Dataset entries
========================================================================
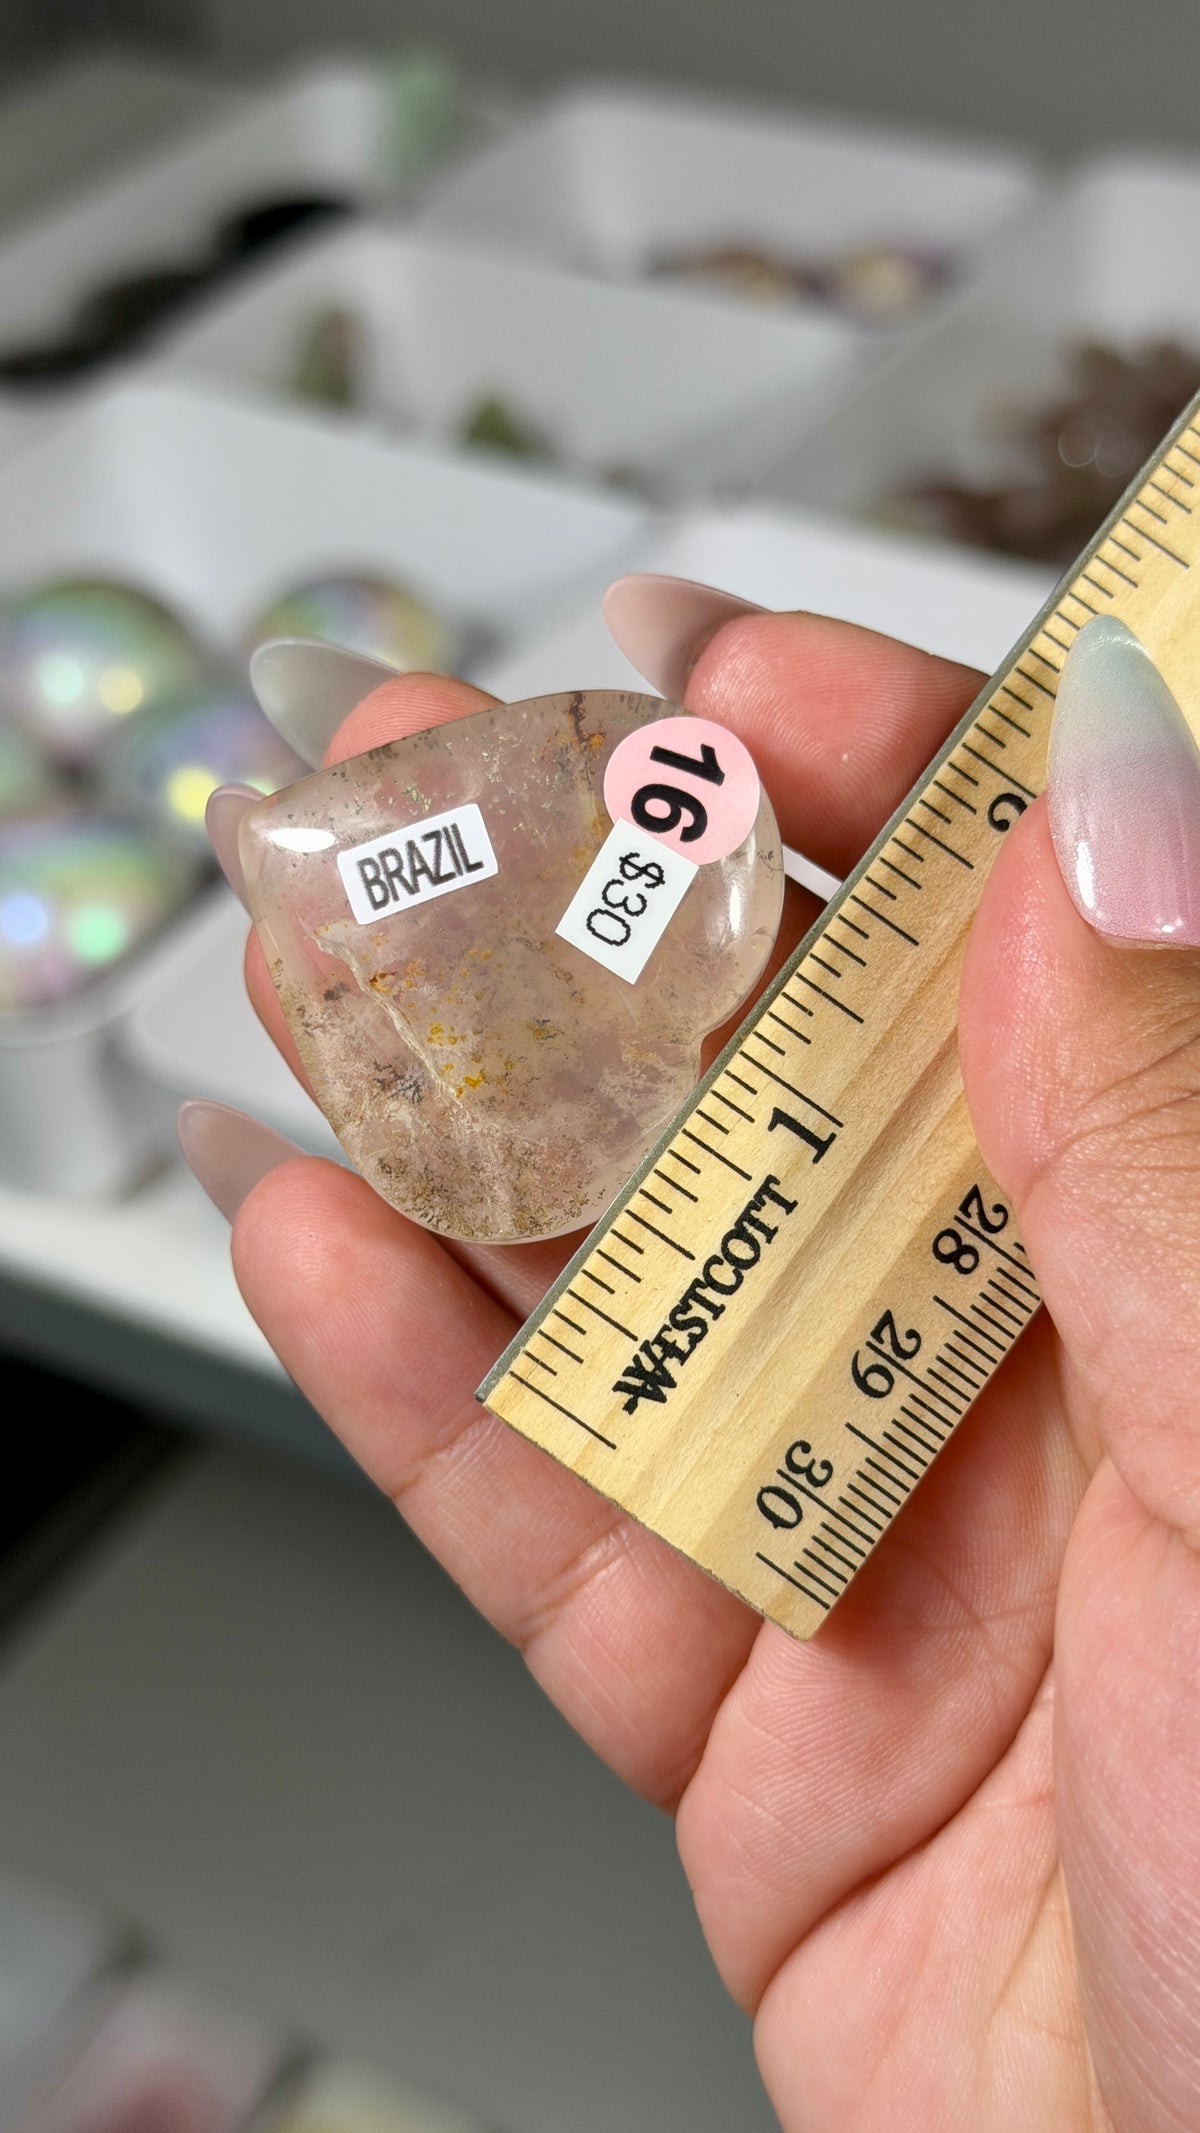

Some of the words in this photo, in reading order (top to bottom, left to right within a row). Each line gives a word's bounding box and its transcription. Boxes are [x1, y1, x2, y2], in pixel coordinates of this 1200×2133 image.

[631, 743, 725, 843] 16
[357, 823, 484, 911] BRAZIL
[586, 851, 666, 947] $30
[767, 1107, 836, 1164] 1
[613, 1174, 798, 1415] WESTCOTT
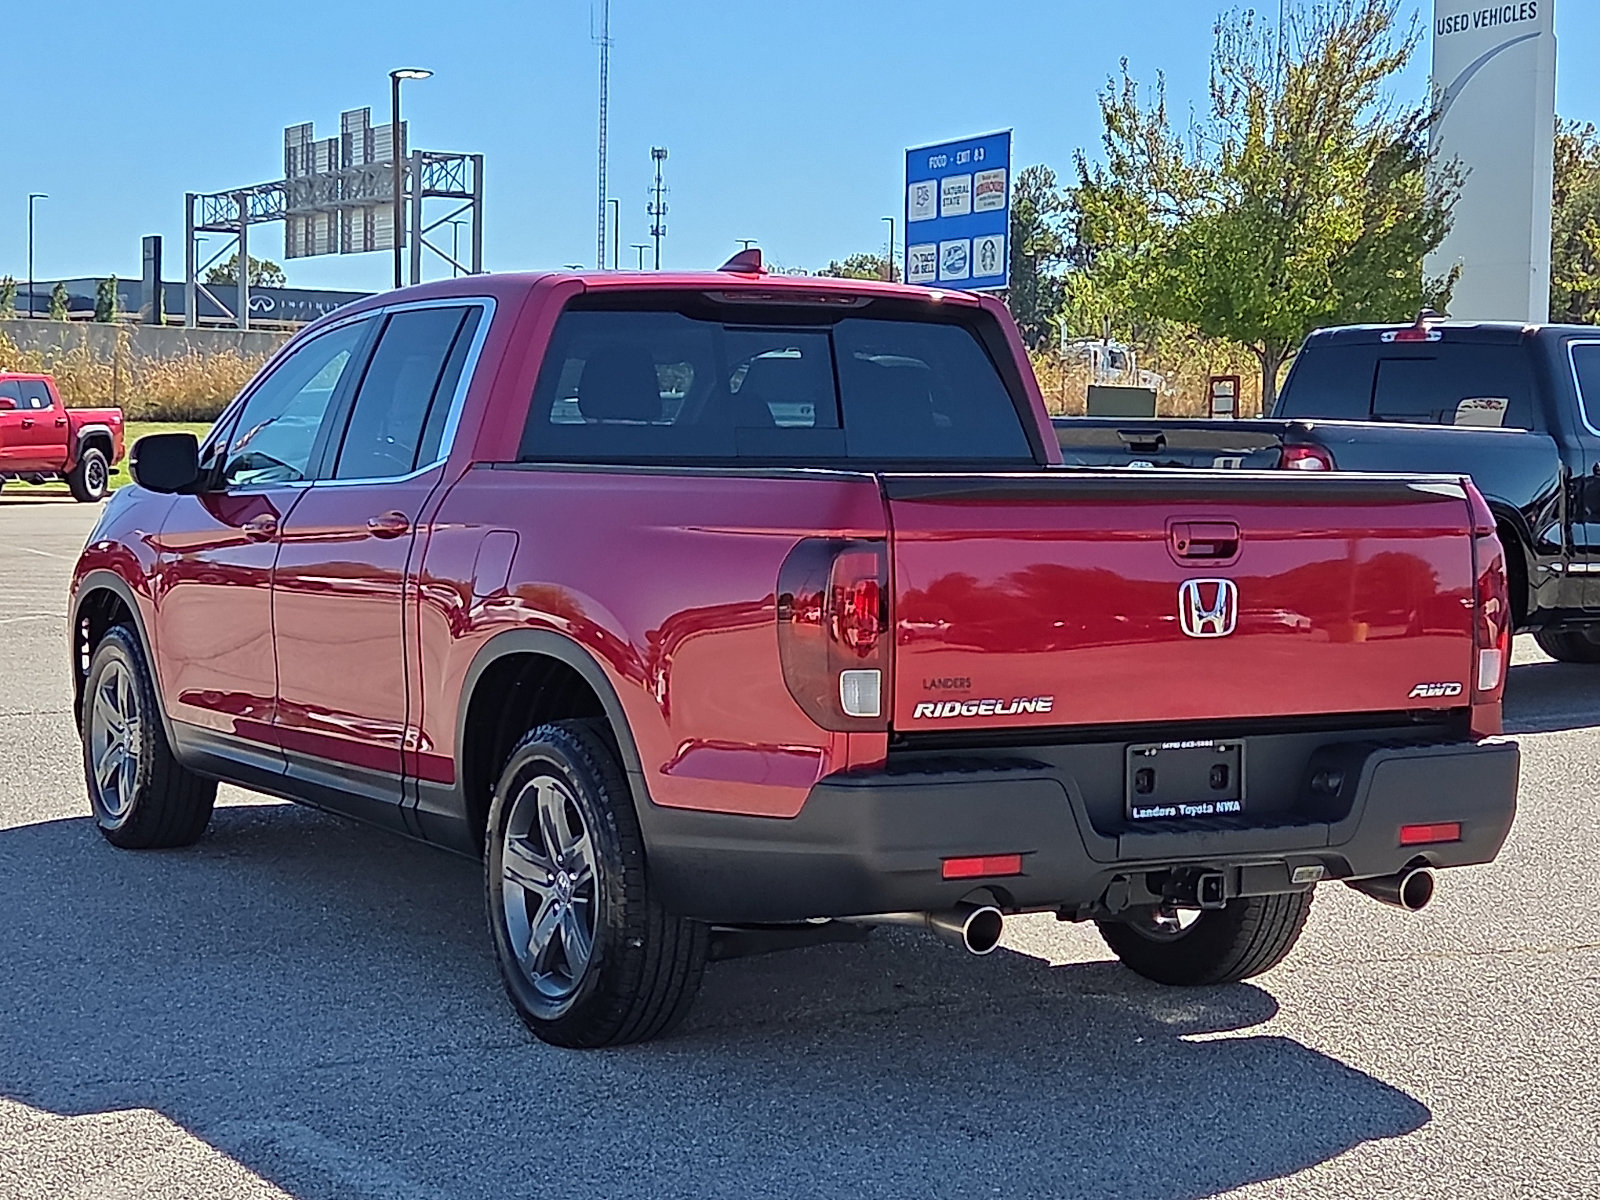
========================================================================
Problem to solve: When you copy the entries above, reproduce each line exactly and leave out any pictures.

Solution to the exercise:
Some of the words in this photo, in reading order (top to bottom, left to right within a row). Each line gives a word's bounding box and its transcription. Boxes are [x1, y1, x2, y2], in pixel coordinates of this 1200×2133 image.

[631, 743, 725, 843] 16
[357, 823, 484, 911] BRAZIL
[586, 851, 666, 947] $30
[767, 1107, 836, 1164] 1
[613, 1174, 798, 1415] WESTCOTT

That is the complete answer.